If no better... unhook hard drive cables. try it...
dp


----------



## eddie32818 (Oct 29, 2004)

Well I tried several things this weekend: I tried your suggestions of no peripherals, no keyboard, but mouse directly into the machine. This didn't work at all as the machine won't start with the main switch thrown in back because (as I understand) you need to press the Power Button on the keyboard for it to work at all. 

I ended up removing all these components, one at a time, to see if it was preventing the boot up process. These included the RAM sticks, the hard drive, the floppy drive and the CD-ROM drive. Still kept getting the power supply hum with the spinning fan and the green LED indicator light on in front.

Following the reasoning of the "process of elimination," I'm beginning to think it's either the crt, the logic board or the analog board. I wish I had another (working) identical machine that I could swap stuff out and check for problems. 

Can you think of anything else we can try?


----------



## DoorGah (May 14, 2005)

Prayer is the answer... If it were a new computer the analog board would be what was swapped first. CRT's usually the last. Duh, on forgetting the KB/switch thing.
I can't imagine this helping. It's called zapping the P- RAM. At start up, after start up sound or 1 second delay, hold down these four keys... Command, Option and the letters P and R. Keep holdin all 4 until you hear it restart or flash 3 times. Let go. If that doesn't do it, you did all you could. Apple needs good techs. You should check into it if of interest.


----------



## eddie32818 (Oct 29, 2004)

I tried the P-RAM zapping thing with no success. 

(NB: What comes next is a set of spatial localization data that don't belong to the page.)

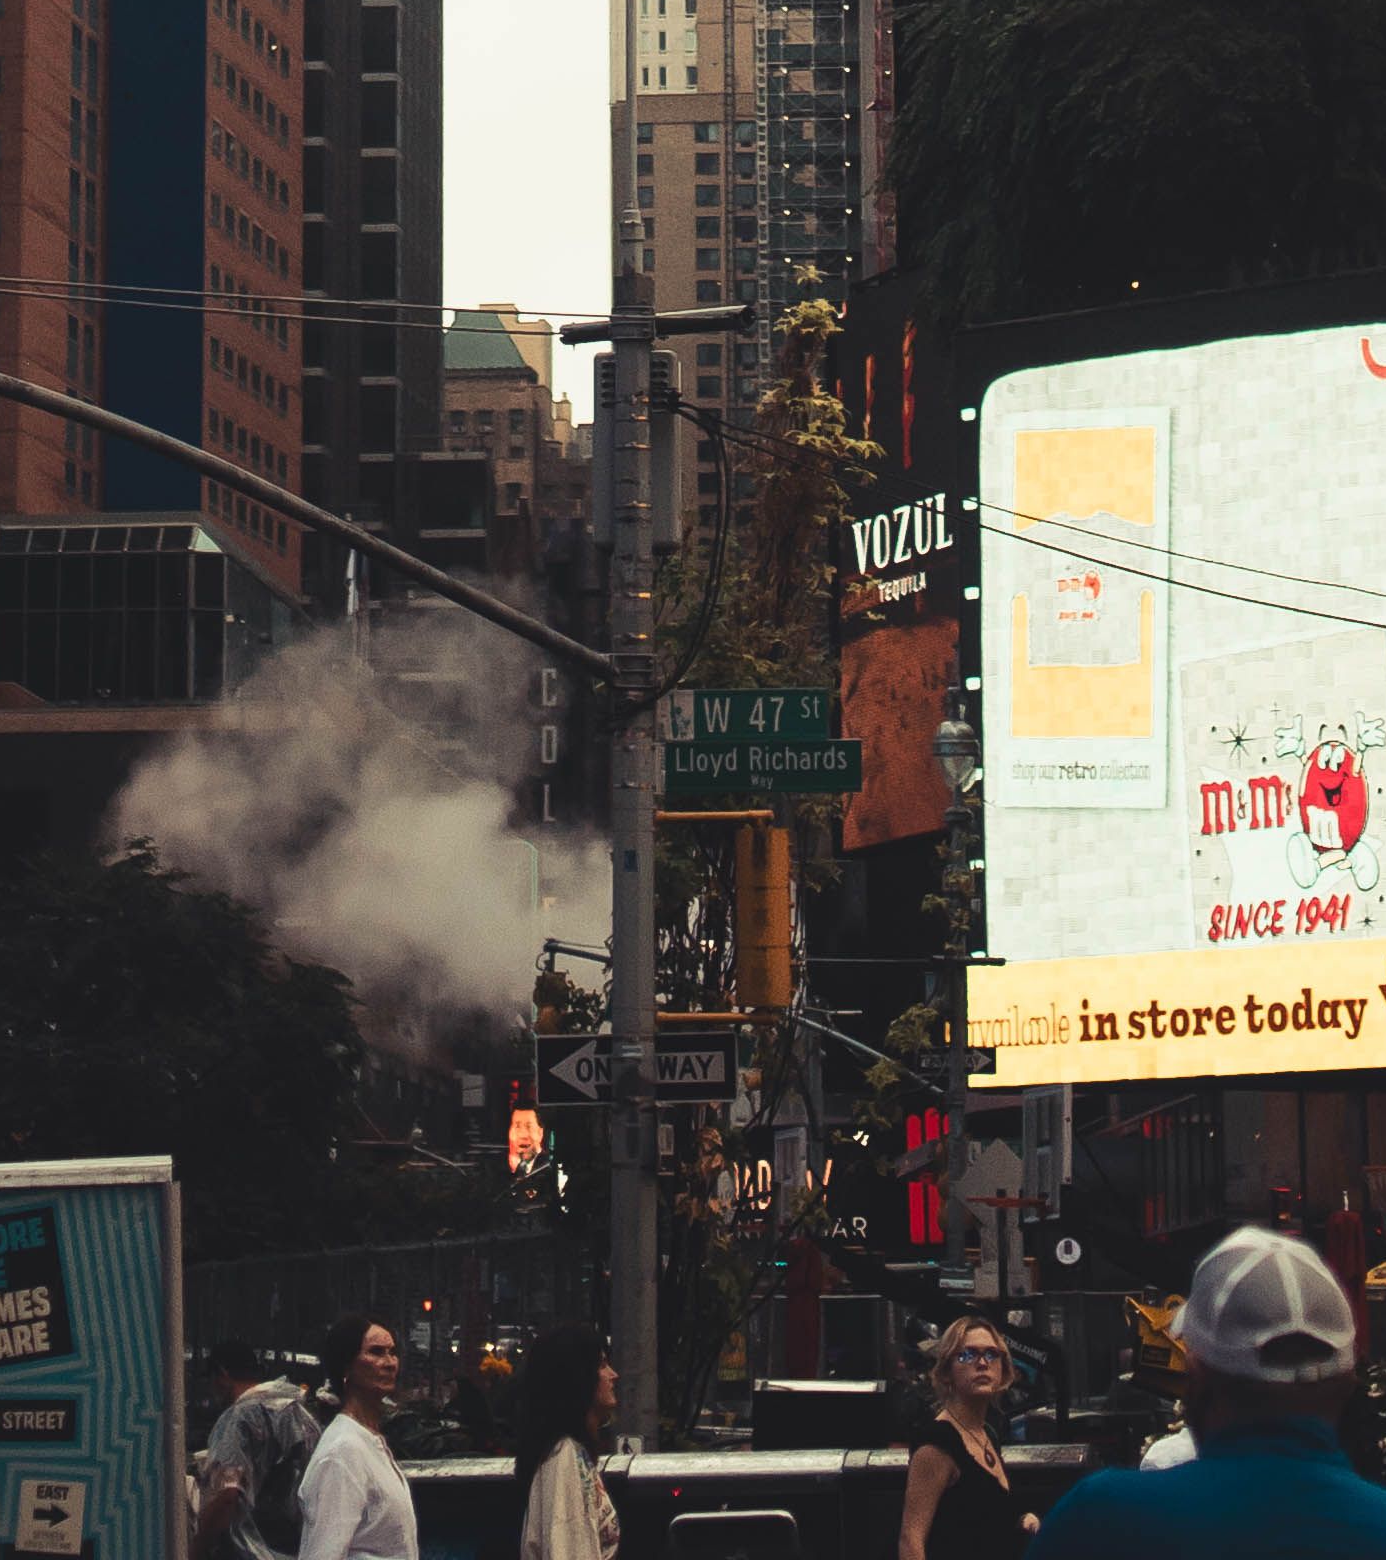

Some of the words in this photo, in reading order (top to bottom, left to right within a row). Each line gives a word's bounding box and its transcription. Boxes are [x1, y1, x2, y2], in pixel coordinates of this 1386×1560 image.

[703, 696, 731, 733] W
[748, 696, 785, 733] 47
[800, 695, 821, 720] St
[675, 747, 738, 779] Lloyd
[748, 744, 848, 771] Richards
[1058, 760, 1098, 780] retro
[1207, 898, 1287, 943] SINCE
[1294, 893, 1352, 935] 1941
[1079, 999, 1121, 1042] in
[1127, 998, 1236, 1040] store
[1243, 987, 1368, 1040] today
[575, 1057, 612, 1082] ON
[656, 1055, 714, 1081] WAY
[2, 1410, 67, 1431] STREET
[35, 1483, 70, 1501] EAST

Given the age of this machine, I kind of felt I was beating the proverbial dead horse...I knew early on that parts for ancient equipment are hard to come by. Come to think of it, I even tried to clean off some of the logic board (alcohol) that had a few leaky electrolytic capacitors and the old battery leaked some, too.  

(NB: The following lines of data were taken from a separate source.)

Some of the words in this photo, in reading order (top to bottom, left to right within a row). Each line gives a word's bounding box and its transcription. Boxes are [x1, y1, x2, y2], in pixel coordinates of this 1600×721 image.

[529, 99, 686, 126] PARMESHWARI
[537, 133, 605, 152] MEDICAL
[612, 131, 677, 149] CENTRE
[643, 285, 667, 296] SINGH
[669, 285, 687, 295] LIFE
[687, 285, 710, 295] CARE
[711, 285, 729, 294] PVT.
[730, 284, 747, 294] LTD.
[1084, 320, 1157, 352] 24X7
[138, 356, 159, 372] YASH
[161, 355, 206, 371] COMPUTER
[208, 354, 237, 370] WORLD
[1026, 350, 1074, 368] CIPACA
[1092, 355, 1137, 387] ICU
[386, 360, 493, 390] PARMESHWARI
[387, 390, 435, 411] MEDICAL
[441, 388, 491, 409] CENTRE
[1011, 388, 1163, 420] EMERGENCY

I enjoyed tinkering around with this project, as all problem solvers do, I suppose and I think I'll have a better "heads up" on the next time I work on an old Mac. I'll tell my friend to pitch it back in the closet, until we can maybe find another one to cannibalize parts from it.

Well thanks for all your help and keep up the good work at this site!

Ed


----------



## emoxley (Jan 6, 2004)

One last ditch thing to try..............
This probably won't do any good either, but worth a try. You never know.
Have you tried holding down the Shift key, while booting up? That will make it boot up (IF it will boot up) with extensions off. If it boots up that way, that means there's a conflict with an extension. While up and running, run Disk First Aid (found in System Folder, in Utilities folder).

Again, if it gets this far, it might not hurt to do a "Clean Install", or an "Initialize & Install", if your friend has the system "Restore" disc.
A "Clean Install" will install a new System Folder, with all new extensions and preferences. An "Initialize & Install", will wipe the HD clean, and reinstall EVERYTHING back on it, like it was when it was brand new. The latter should definately take care of the problem.
Good luck!


----------



## eddie32818 (Oct 29, 2004)

Thanks for your suggestion Emoxley, but unfortunately it didn't work for me. 

I am grateful for all the help I got from this forum and I hope these posts will help others too.

Thanks and keep up the good work. :up: 

Ed


----------



## DoorGah (May 14, 2005)

Sorry it didn't help, maybe next time. It sounds from your description the unit was stored in a damp basement or? I've seen a lot of older Macs (even Apples) that didn't look as described.Tell your friend not to pour water in them when mad...-)
Good Luck.
doug


----------



## emoxley (Jan 6, 2004)

It's such an old computer, that it's not worth putting money into. If you can get another one for free, or almost free, it might be worth the time to work on it. Or it might not. You can check at Goodwill Thrift Stores, or Salvation Army Thrift Stores, or Mission Stores, and possibly turn something up. Could run ad in paper, asking for that model...........
Good luck!


----------